====== Supplied material

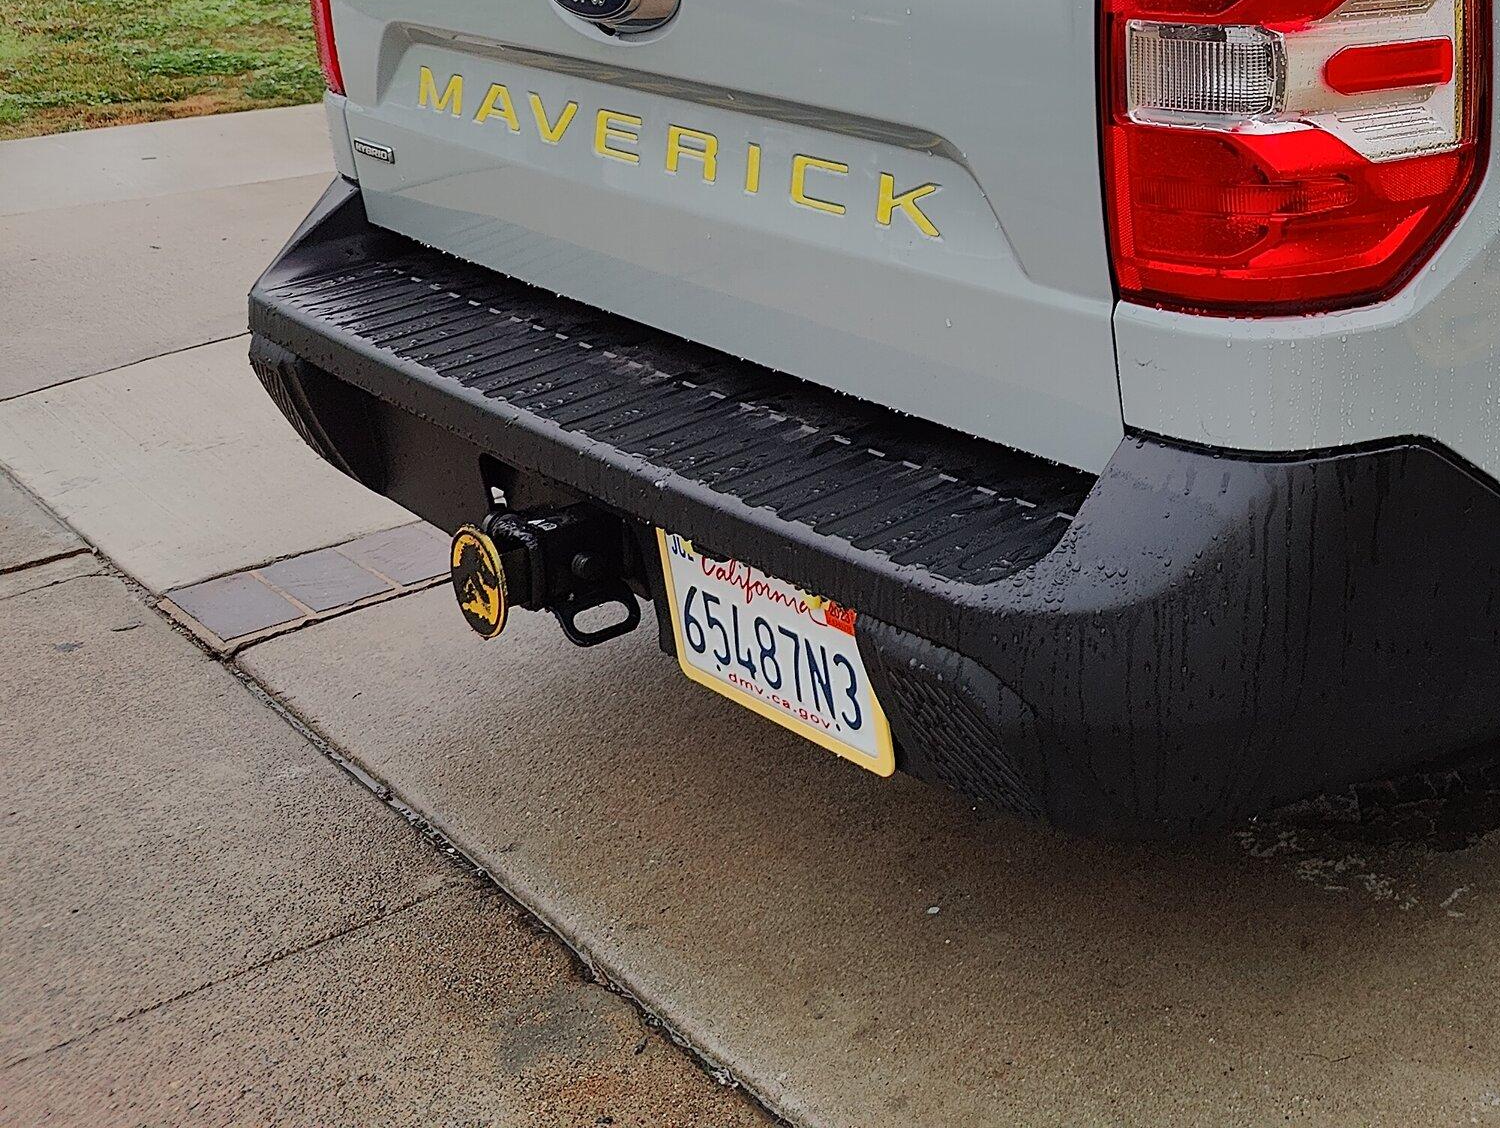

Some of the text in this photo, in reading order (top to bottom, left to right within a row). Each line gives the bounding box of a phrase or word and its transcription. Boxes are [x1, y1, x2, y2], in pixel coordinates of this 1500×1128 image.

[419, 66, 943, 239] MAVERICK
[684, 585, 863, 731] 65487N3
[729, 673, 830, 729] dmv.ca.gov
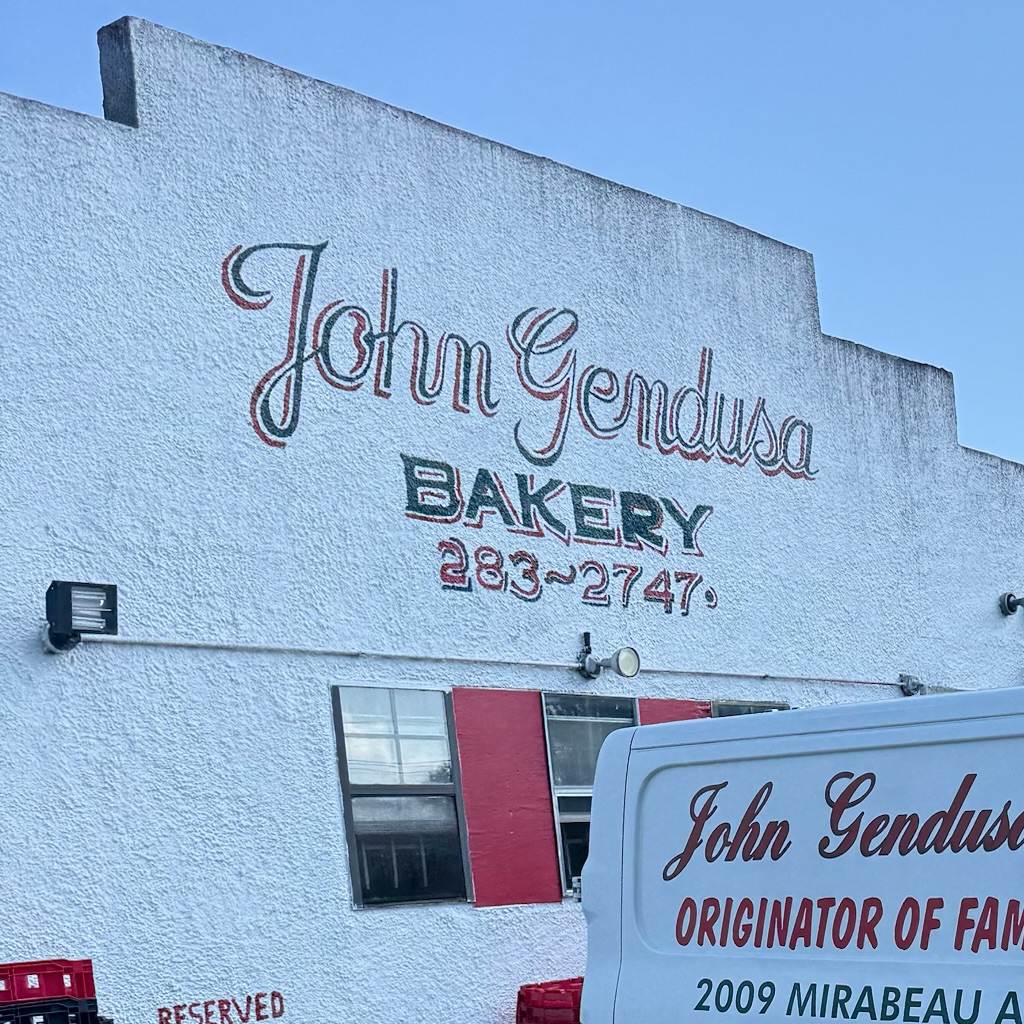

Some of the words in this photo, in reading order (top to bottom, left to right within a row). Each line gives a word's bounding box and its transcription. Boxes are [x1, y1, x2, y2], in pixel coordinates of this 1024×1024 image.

============

◆ Aim of the exercise: Where an entry includes a picture, drop it, and print the rest of the material word for word.

◆ Response area:
Some of the text in this photo, in reading order (top to bottom, left to right within a row). Each line gives the bounding box of a phrase or word and its transcription. Boxes are [x1, y1, x2, y2], in pixel coordinates of this 1500×1128 image.

[419, 66, 943, 239] MAVERICK
[684, 585, 863, 731] 65487N3
[729, 673, 830, 729] dmv.ca.gov

Some of the words in this photo, in reading order (top to bottom, left to right within a row). Each line gives a word's bounding box and its transcription. Boxes are [x1, y1, x2, y2], in pixel coordinates of this 1024×1024 image.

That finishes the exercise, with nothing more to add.